* **RECORDS SHOWN**
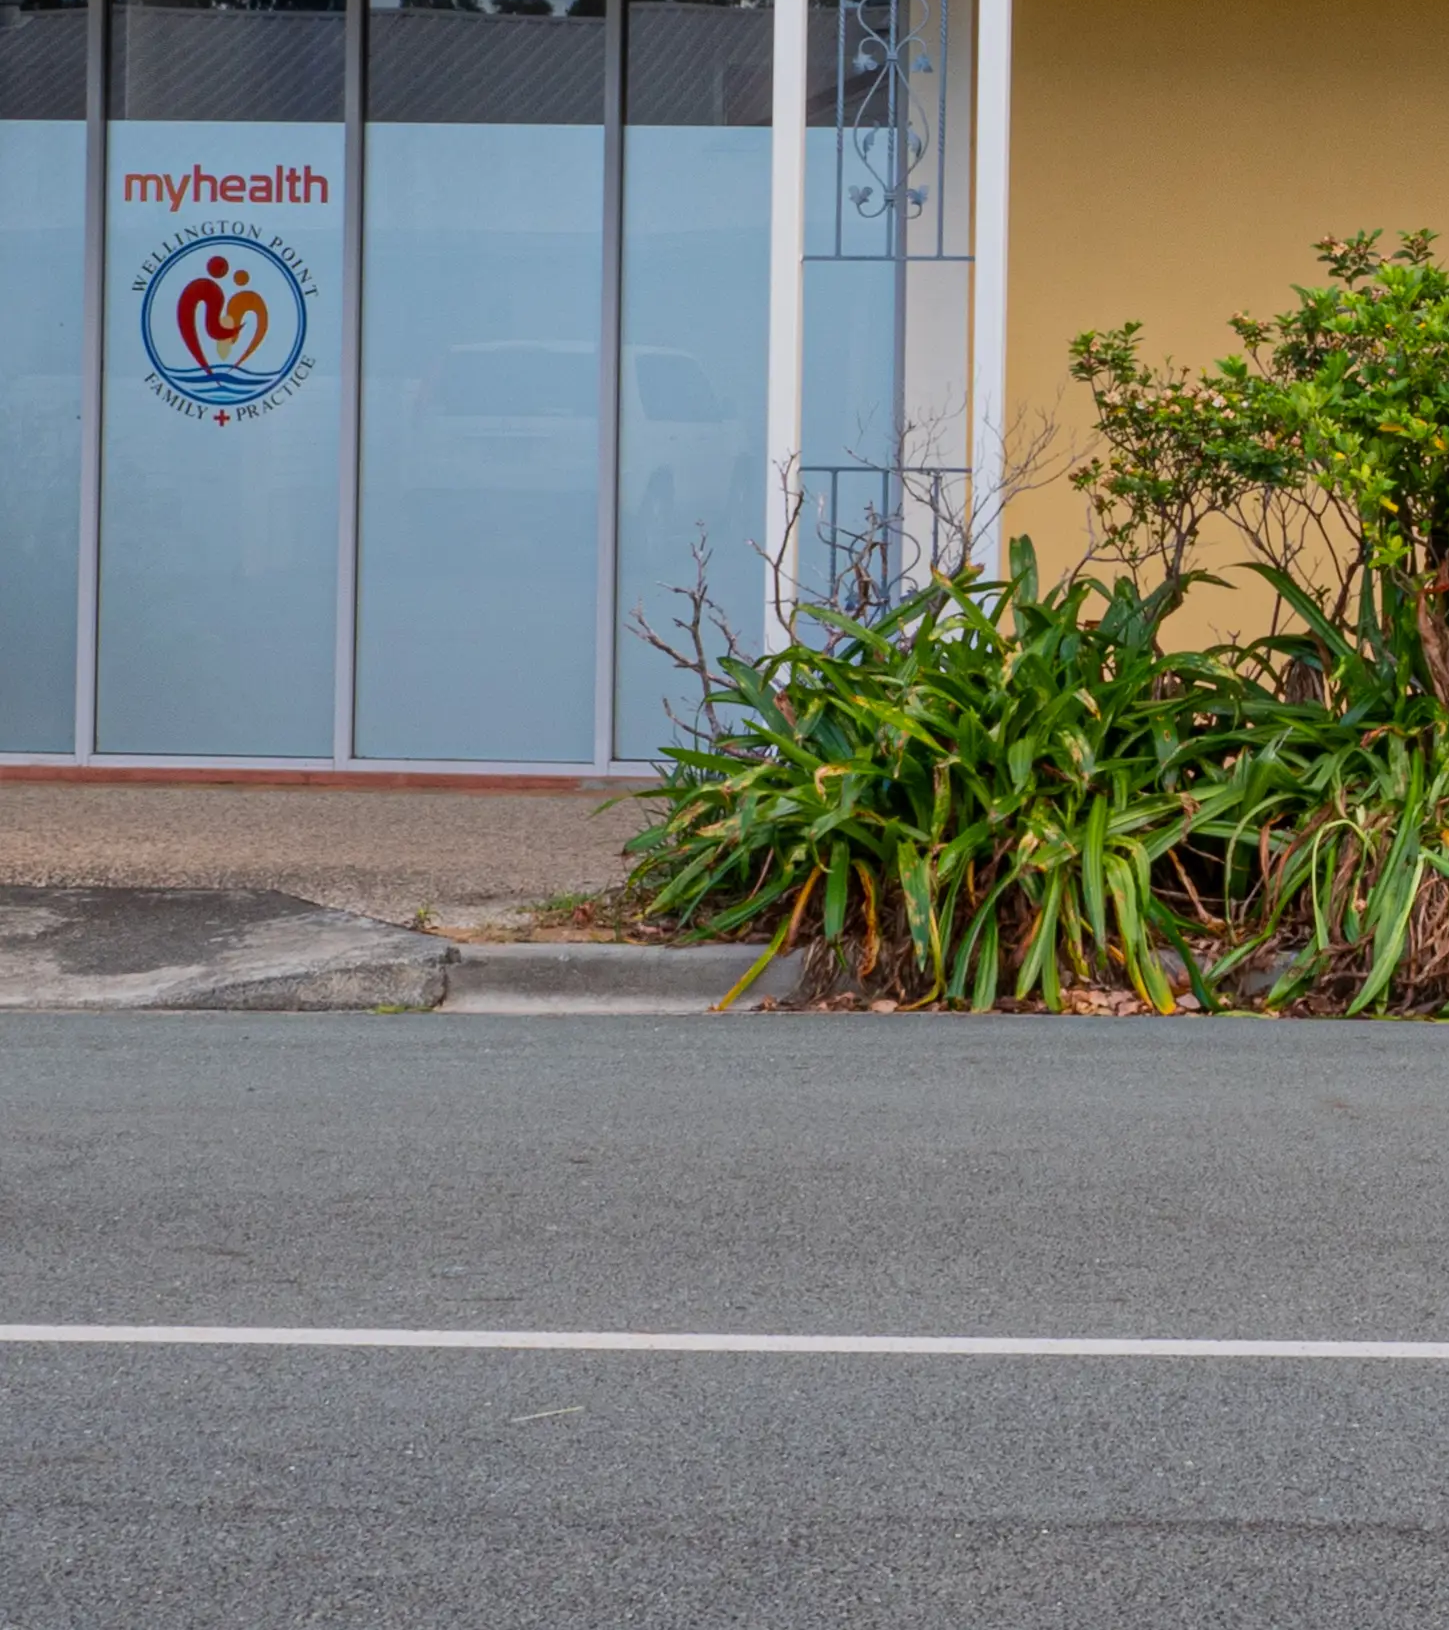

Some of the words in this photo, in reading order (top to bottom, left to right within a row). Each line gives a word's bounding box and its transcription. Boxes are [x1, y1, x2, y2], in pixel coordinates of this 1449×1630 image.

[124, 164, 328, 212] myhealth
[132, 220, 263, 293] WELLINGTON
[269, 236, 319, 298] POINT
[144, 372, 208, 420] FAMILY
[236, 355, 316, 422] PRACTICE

* **AIM OF THE EXERCISE**
The copy must match the listing above exactly, except that it holds no pictures.

* **REPLY**
Some of the words in this photo, in reading order (top to bottom, left to right within a row). Each line gives a word's bounding box and its transcription. Boxes are [x1, y1, x2, y2], in pixel coordinates of this 1449×1630 image.

[124, 164, 328, 212] myhealth
[132, 220, 263, 293] WELLINGTON
[269, 236, 319, 298] POINT
[144, 372, 208, 420] FAMILY
[236, 355, 316, 422] PRACTICE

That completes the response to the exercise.